Characterization of specific vasopressin binding sites was investigated in purified mouse Leydig cells using tritiated arginine-vasopressin. Binding of radioligand was saturable, time- and temperature-dependent and reversible. (3H)-AVP was found to bind to a single class of sites with high affinity (Kd = 2.20 +/- 0.18 nM) and low capacity (Bmax = 17.4 +/- 1.8 fmol/10(6) Leydig cells). Binding displacements with specific selective analogs of AVP indicated the presence of V1 subtype receptors on Leydig cells. The ability of AVP to displace (3H)-AVP binding was greater than LVP and oxytocin. The unrelated peptides, somatostatin and substance P, were less potent, while neurotensin and LHRH did not displace (3H)-AVP binding. The time-course effects of AVP-pretreatment on basal and hCG-stimulated testosterone and cAMP accumulations were studied in primary culture of Leydig cells.
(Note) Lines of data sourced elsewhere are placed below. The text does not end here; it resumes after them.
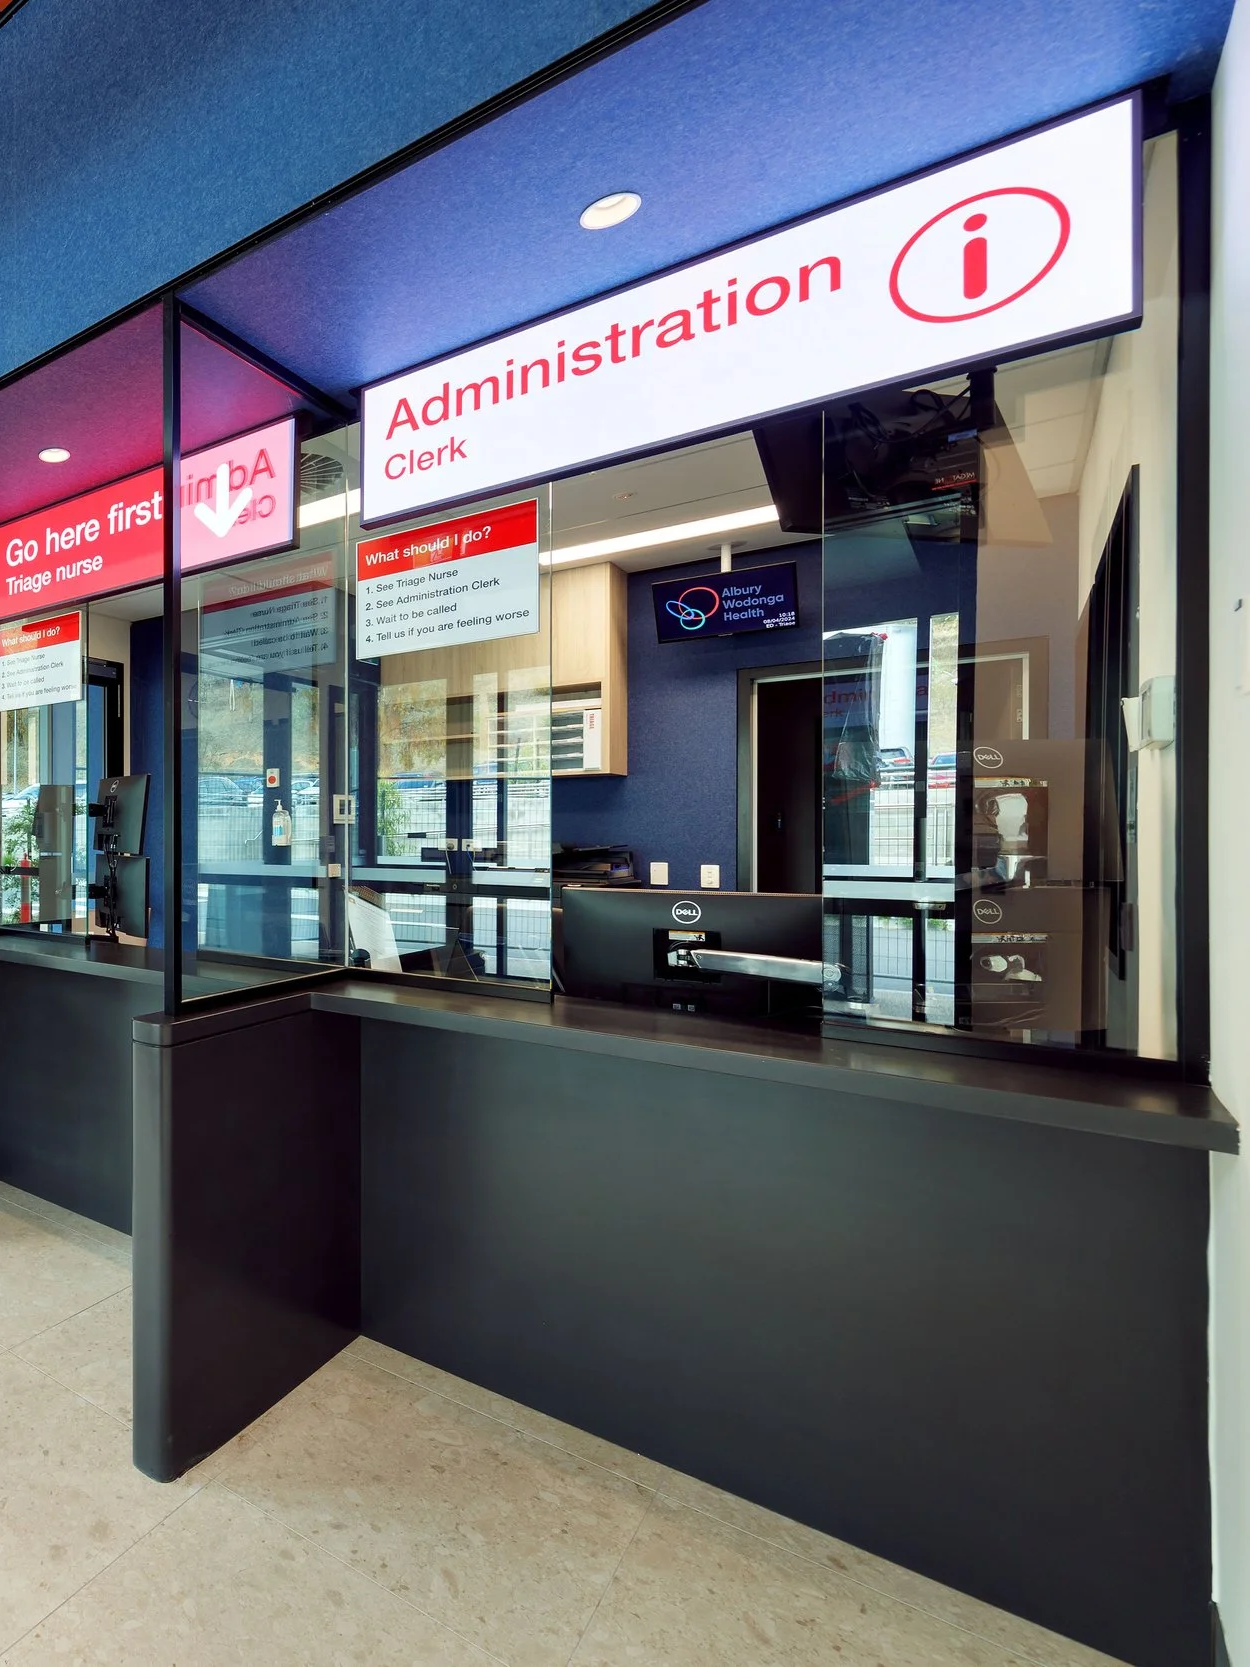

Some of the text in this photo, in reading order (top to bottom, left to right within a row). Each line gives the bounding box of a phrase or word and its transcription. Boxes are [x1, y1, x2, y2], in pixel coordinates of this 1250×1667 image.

[385, 256, 841, 441] Administration
[384, 436, 468, 480] Clerk
[6, 490, 163, 567] Go here first
[365, 525, 491, 566] What should I do?
[6, 555, 103, 596] Triage nurse
[365, 569, 458, 594] 1. See Triage Nurse
[365, 577, 500, 611] 2. See Administration Clerk
[721, 584, 762, 598] Albury
[722, 593, 784, 610] Wodonga
[365, 602, 457, 627] 3. Wait to be called
[365, 609, 530, 643] 4. Tell us if you are feeling worse
[723, 608, 765, 622] Health
[1, 637, 19, 648] What
[19, 631, 42, 645] should
[46, 626, 61, 637] do?
[50, 661, 64, 669] Clerk
[43, 685, 61, 694] feeling
[977, 753, 1000, 761] DELL
[977, 907, 1000, 915] DELL
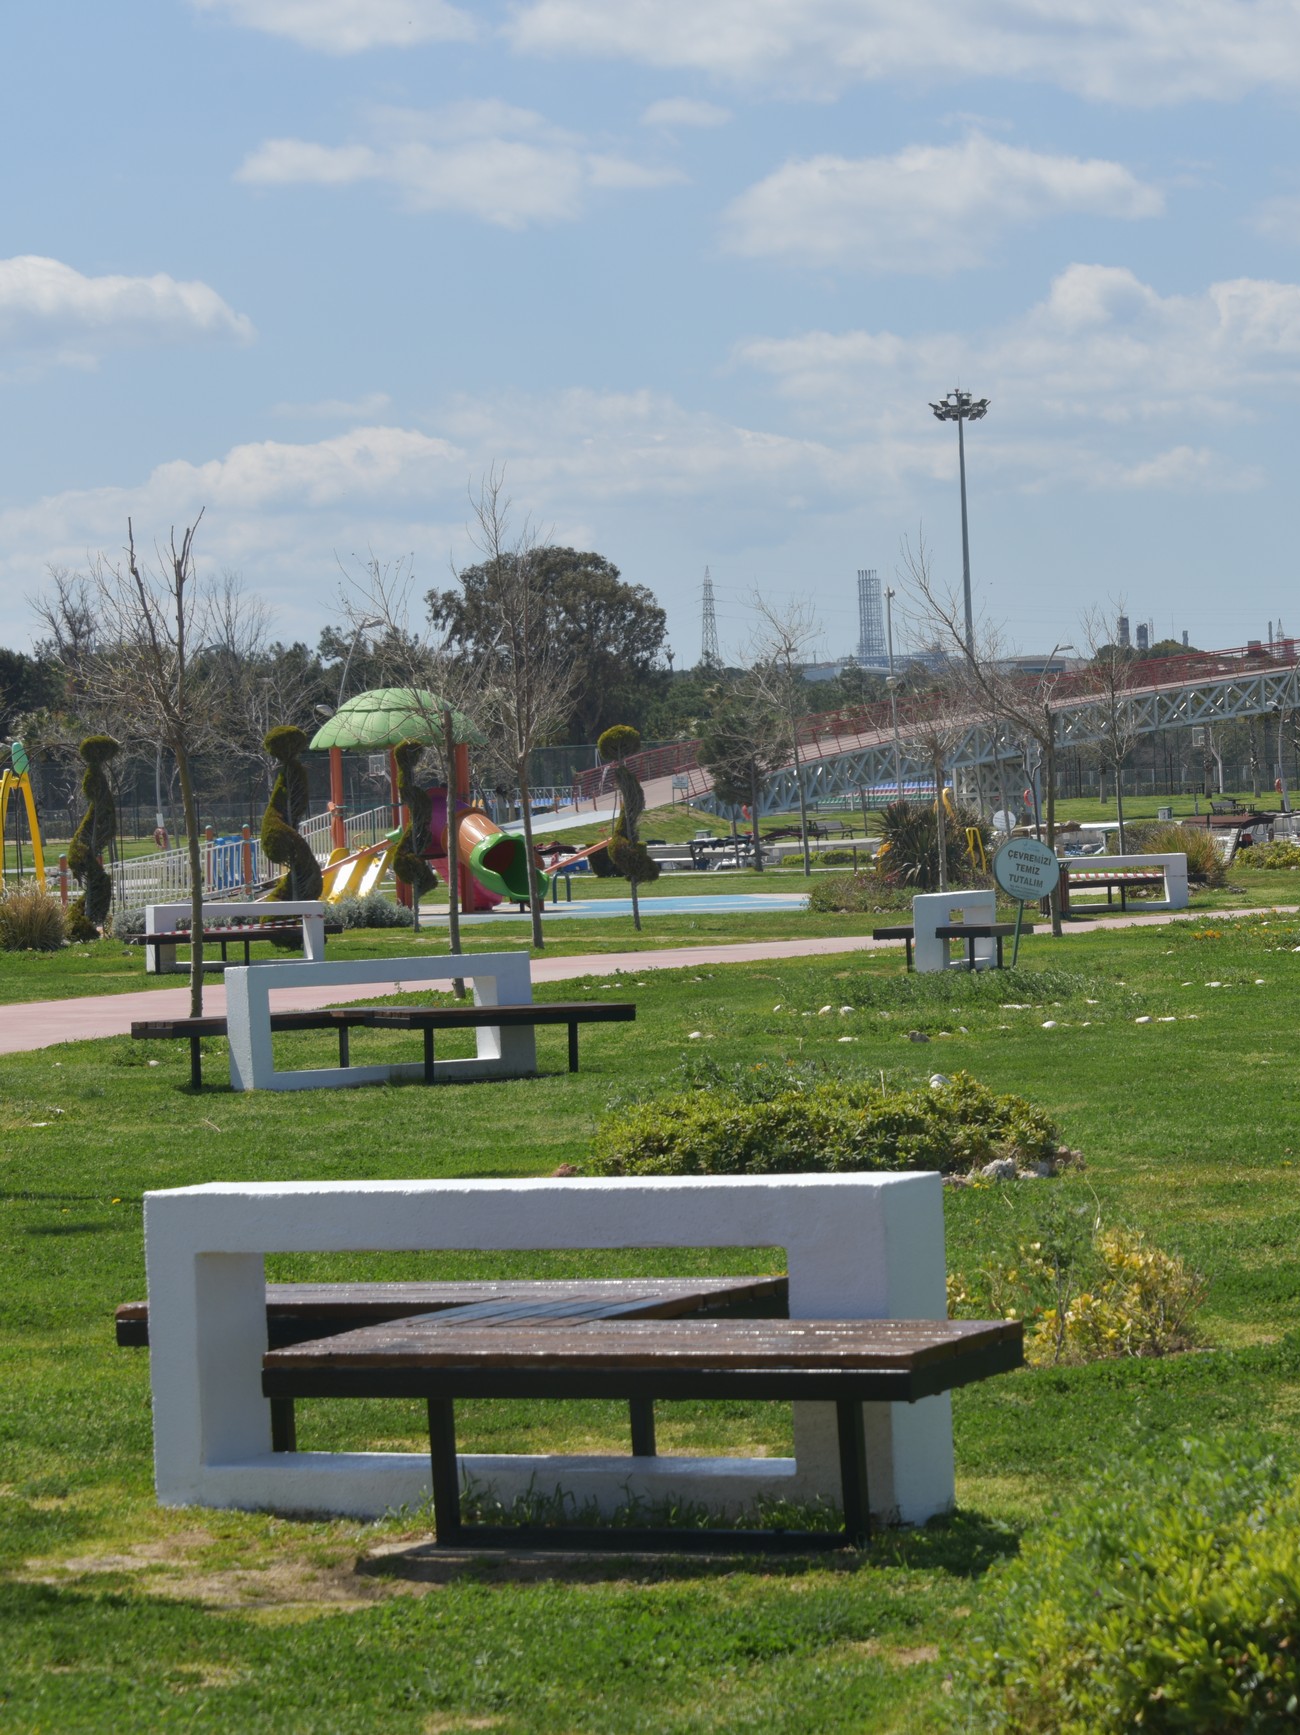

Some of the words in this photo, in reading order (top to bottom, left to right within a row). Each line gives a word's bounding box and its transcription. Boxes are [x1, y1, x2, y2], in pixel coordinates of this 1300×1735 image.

[1007, 849, 1052, 866] ÇEVREMİZİ
[1015, 863, 1041, 875] TEMİZ
[1008, 873, 1044, 888] TUTALIM
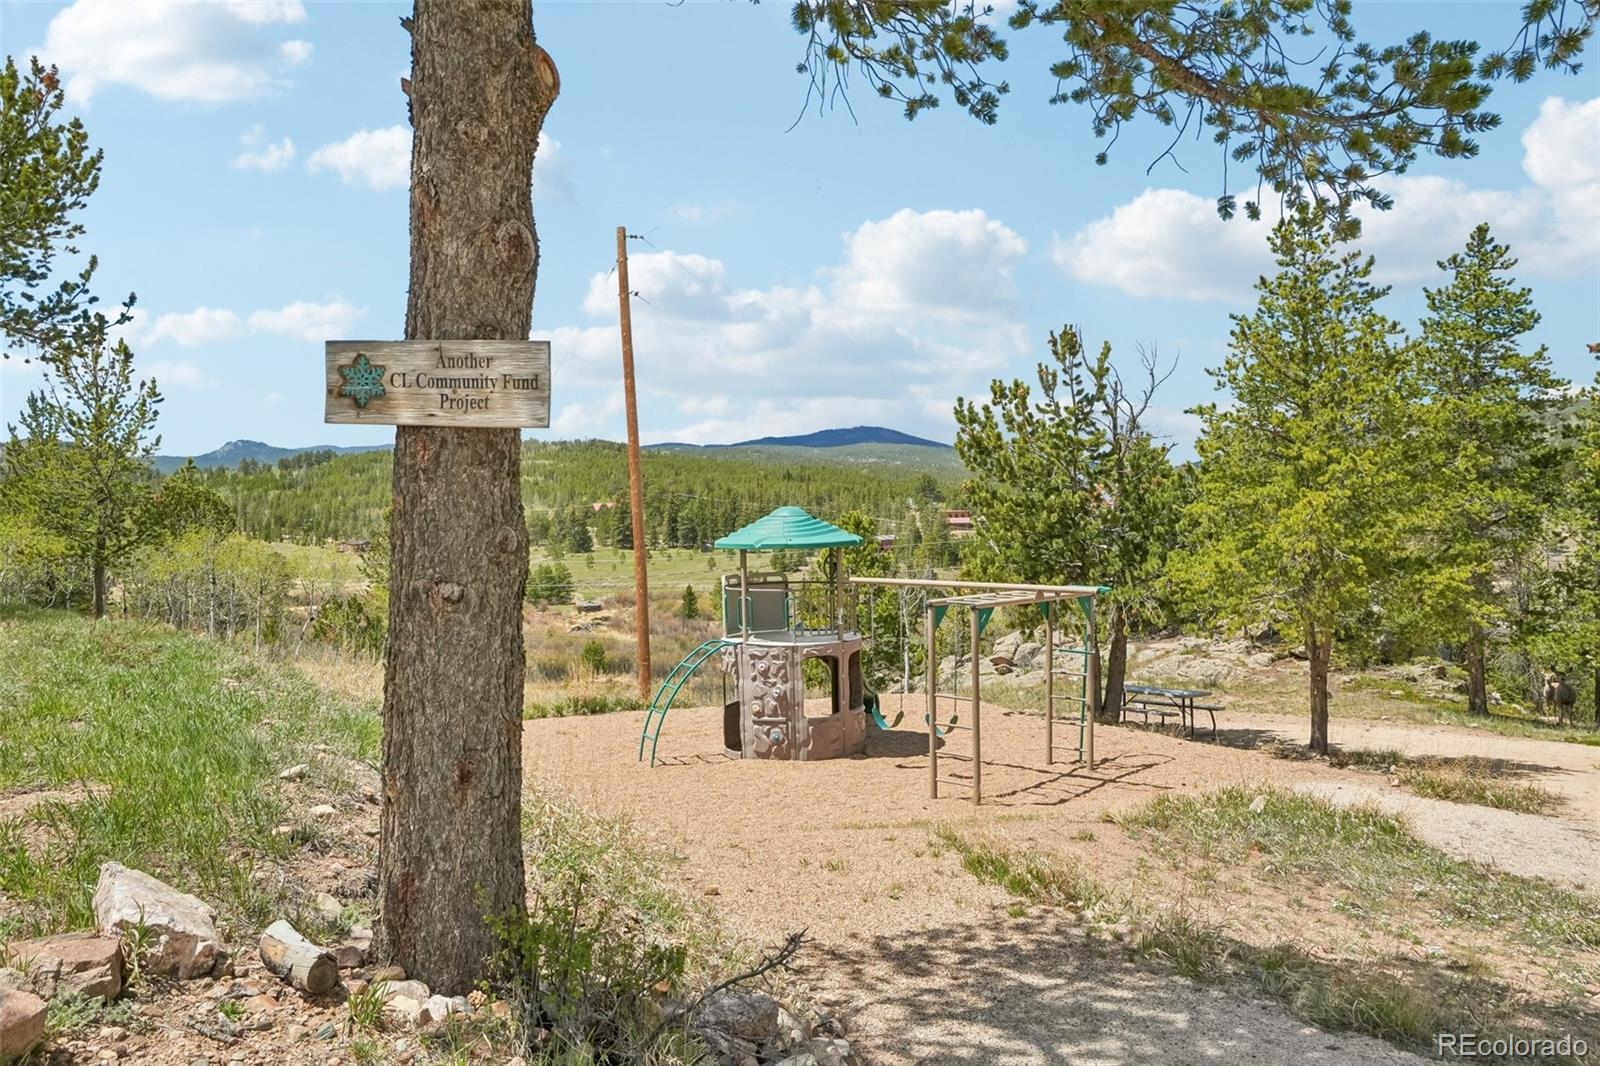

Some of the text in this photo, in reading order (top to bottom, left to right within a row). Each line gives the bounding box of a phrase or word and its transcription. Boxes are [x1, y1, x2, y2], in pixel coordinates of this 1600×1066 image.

[436, 351, 494, 369] Another
[390, 372, 539, 394] CL Community Fund
[439, 393, 490, 413] Project
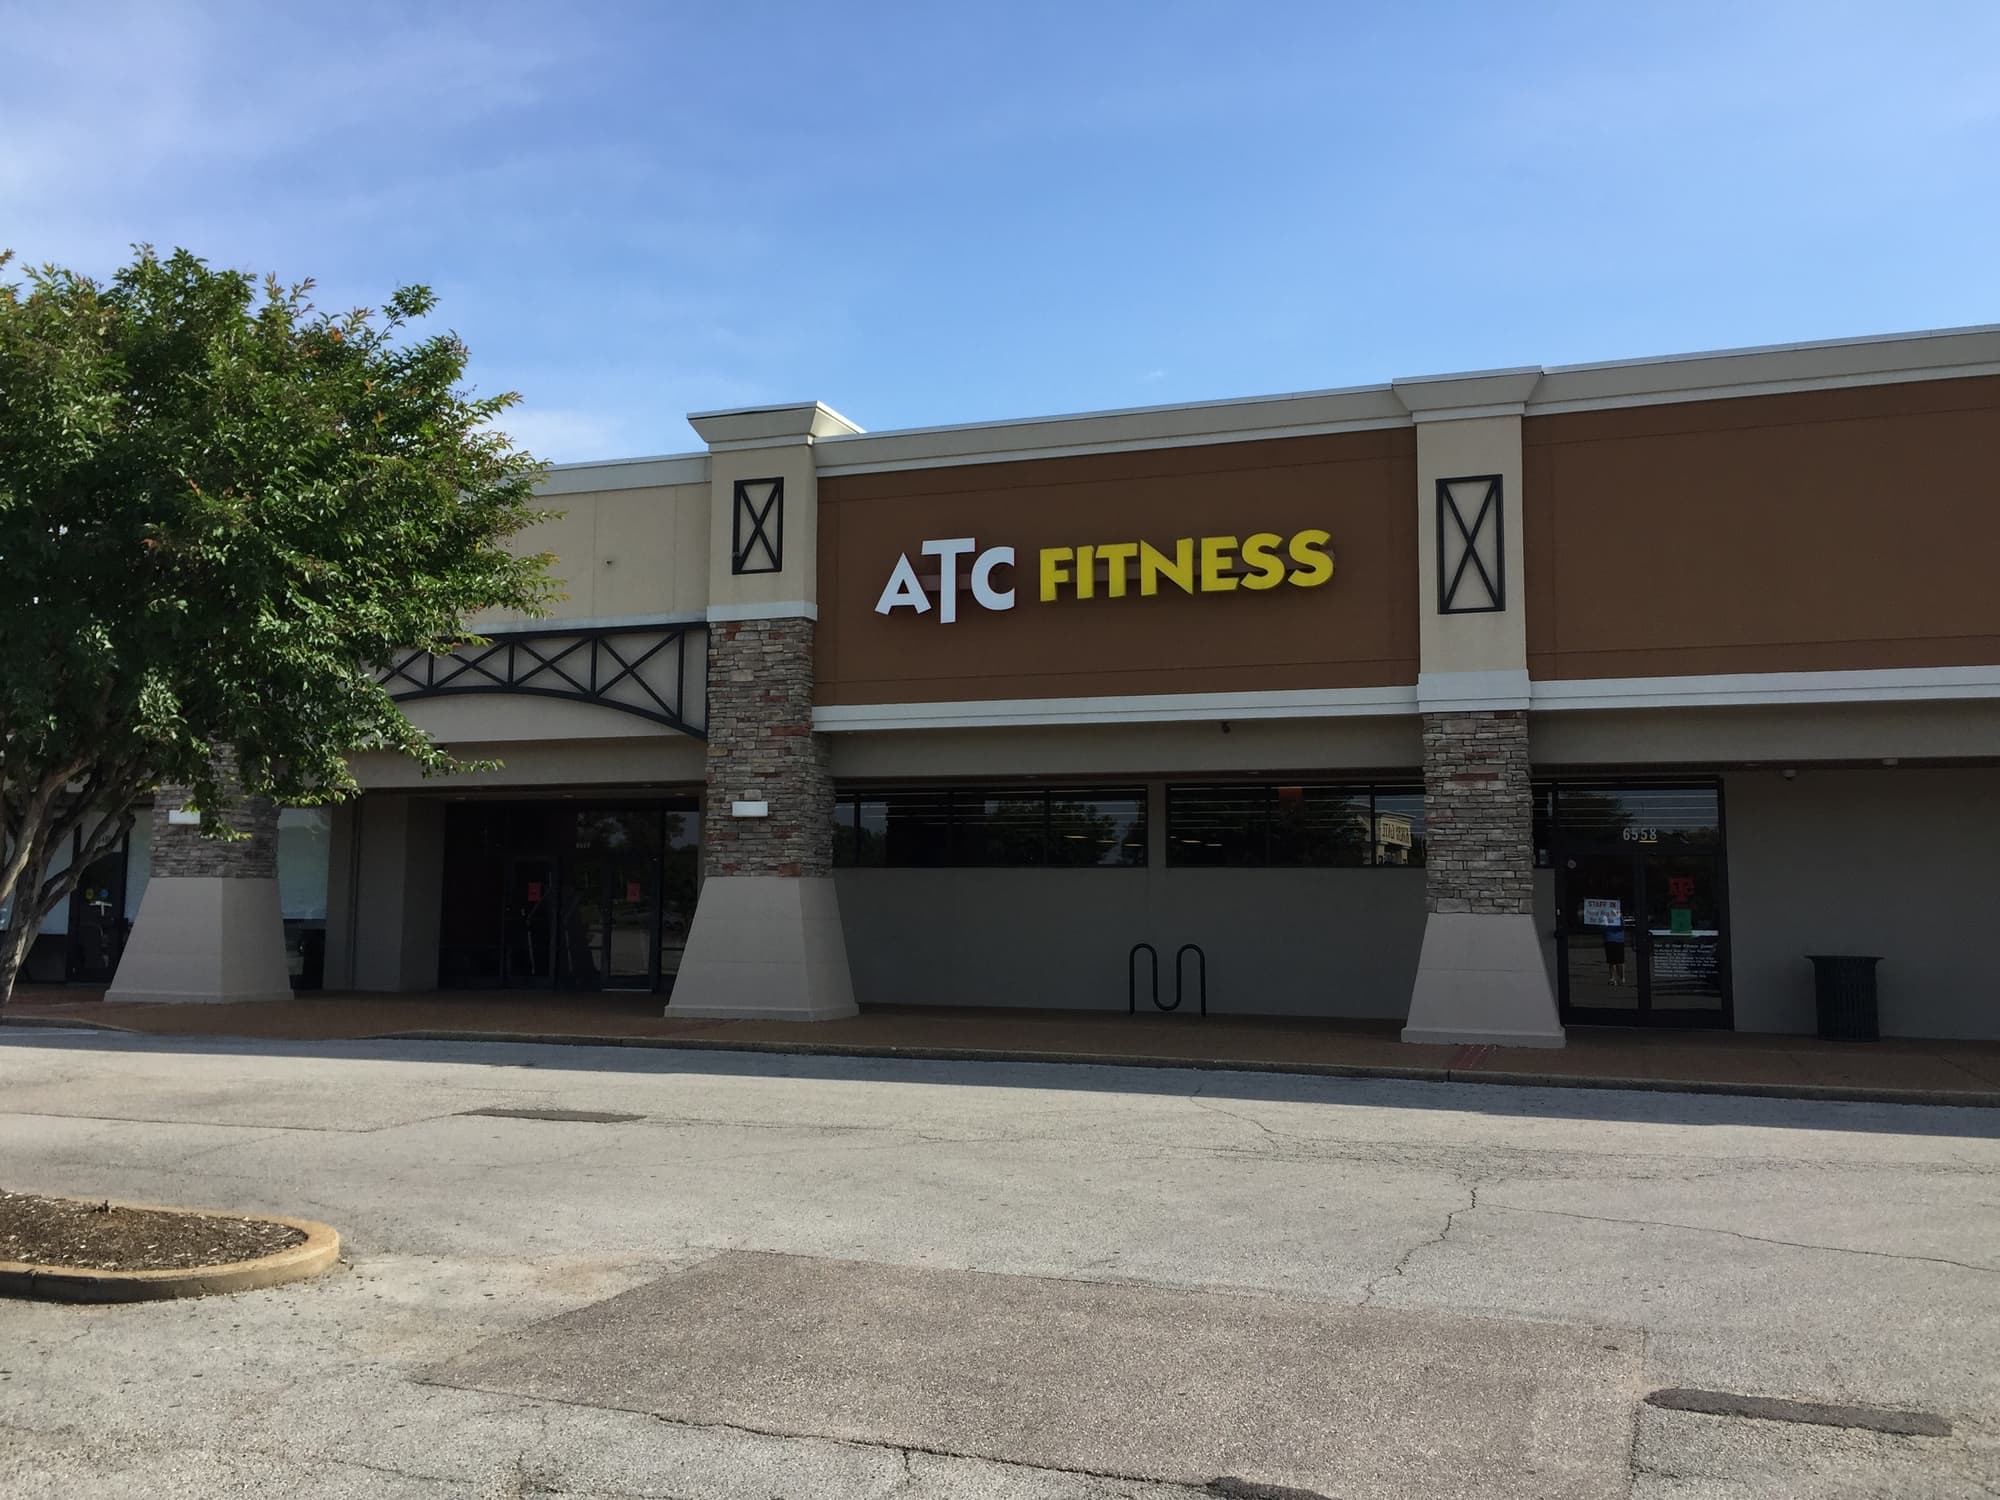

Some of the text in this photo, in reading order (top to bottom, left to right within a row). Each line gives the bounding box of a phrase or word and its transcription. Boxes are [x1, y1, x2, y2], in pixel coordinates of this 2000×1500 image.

[874, 529, 1335, 624] ATC FITNESS
[1622, 827, 1657, 841] 6558
Basal testosterone accumulation was significantly increased by a 24 h AVP-pretreatment of Leydig cells (P less than 0.001). This effect was potentiated by the phosphodiesterase inhibitor (MIX) and was concomitantly accompanied by a slight but significant increase in cAMP accumulation (P less than 0.01). AVP-pretreatment of the cells for 72 h had no effect on basal testosterone accumulation, but exerted a marked inhibitory effect on the hCG-stimulated testosterone accumulation (P less than 0.001). This reduction of testosterone accumulation occurred even in the presence of MIX and was not accompanied by any significant change of cAMP levels. We conclude from these data that AVP is capable of modulating steroidogenesis in Leydig cells through specific and functionally V1 receptor subtype and postulate that this effect may be part of an intratesticular paracrine/autocrine control mechanism.